Чтобы избавить наши представления о мире от предрассудков геоцентризма, понадобился Коперник; чтобы освободить психологию – сперва от чар мифологических идей, а затем от убеждения, будто психика представляет собой простой эпифеномен биохимических процессов в мозге и в то же время носит сугубо личный характер, – потребовались напряженные усилия, во многом революционного характера. Связь с мозгом сама по себе не доказывает, что психика есть эпифеномен, вторичная функция, каузально связанная с биохимическими процессами в физическом субстрате. Тем не менее, мы прекрасно знаем, насколько сильно психическая функция подвержена влиянию процессов, протекающих в мозге; этот факт настолько впечатляет, что вывод о вторичности природы психики кажется почти неизбежным. Феномены парапсихологии, однако, призывают нас к осторожности, ибо указывают на релятивизацию пространства и времени психическими факторами, что ставит под сомнение наше наивное и чересчур поспешное их объяснение сквозь призму психофизического параллелизма. Люди, разделяющие подобные взгляды, отрицают открытия парапсихологии – либо по философским соображениям, либо из интеллектуальной лени. Подобное поведение едва ли можно считать научно ответственным подходом, хотя это весьма удобный и популярный выход из интеллектуального тупика. Чтобы оценить психическое явление, мы обязаны принять во внимание все другие сопутствующие ему явления. Это означает, что мы должны отказаться от практики всякой психологии, не признающей существование бессознательного, или парапсихологии.

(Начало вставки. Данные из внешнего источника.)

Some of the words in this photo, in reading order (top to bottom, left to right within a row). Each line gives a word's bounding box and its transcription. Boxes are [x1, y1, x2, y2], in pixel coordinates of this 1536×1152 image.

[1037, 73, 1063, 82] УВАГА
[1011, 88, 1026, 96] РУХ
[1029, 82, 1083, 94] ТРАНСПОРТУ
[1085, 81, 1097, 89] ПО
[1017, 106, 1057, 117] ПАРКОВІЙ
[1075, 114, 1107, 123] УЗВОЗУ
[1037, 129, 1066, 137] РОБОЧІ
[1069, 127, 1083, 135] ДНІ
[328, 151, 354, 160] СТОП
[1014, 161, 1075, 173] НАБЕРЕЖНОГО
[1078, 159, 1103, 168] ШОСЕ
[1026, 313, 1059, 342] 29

Строение и физиология мозга не дают никакого объяснения психическому процессу. Специфическая природа психики не может быть сведена ни к чему другому. Как и физиология, она представляет собой относительно замкнутое поле опыта, которому надлежит приписать совершенно особое значение, ибо оно включает в себя одно из двух неотъемлемых условий бытия как такового, а именно феномен сознания. В сущности, без сознания не было бы мира: мир существует для нас лишь в той степени, в какой его осознанно отражает психика.

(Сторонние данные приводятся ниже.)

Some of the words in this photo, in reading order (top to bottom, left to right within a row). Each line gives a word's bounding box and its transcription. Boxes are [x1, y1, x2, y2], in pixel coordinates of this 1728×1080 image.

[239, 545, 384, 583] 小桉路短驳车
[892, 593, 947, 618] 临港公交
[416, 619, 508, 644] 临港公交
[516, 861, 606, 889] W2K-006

Данный факт следует подчеркнуть по двум причинам. Во-первых, индивидуальная психика, именно в силу своей индивидуальности, представляет собой исключение из статистического правила, а потому, подвергаясь нивелирующему влиянию статистической оценки, лишается одной из своих основных характеристик. Во-вторых, Церкви признают ее значение лишь в той мере, в какой она признает их догмы, то есть когда она подчинена некоему коллективному убеждению. В обоих случаях стремление к индивидуальности рассматривается как эгоистическое упрямство. Наука расценивает его как субъективизм, а Церковь осуждает как ересь и духовную гордыню. Что касается последнего обвинения, не следует забывать, что, в отличие от других религий, христианство демонстрирует нам символ, содержанием которого является индивидуальный образ жизни человека, Иисуса Христа. Более того, оно даже рассматривает этот процесс индивидуации как воплощение и откровение самого Бога. Таким образом, развитие самости приобретает значение, которое до сих пор едва ли осознано в полной мере, ибо излишнее внимание к внешнему блокирует путь к непосредственному внутреннему опыту. Если бы автономию индивида тайно не жаждали столько людей, она едва ли смогла бы пережить коллективное подавление, будь то морально или духовно.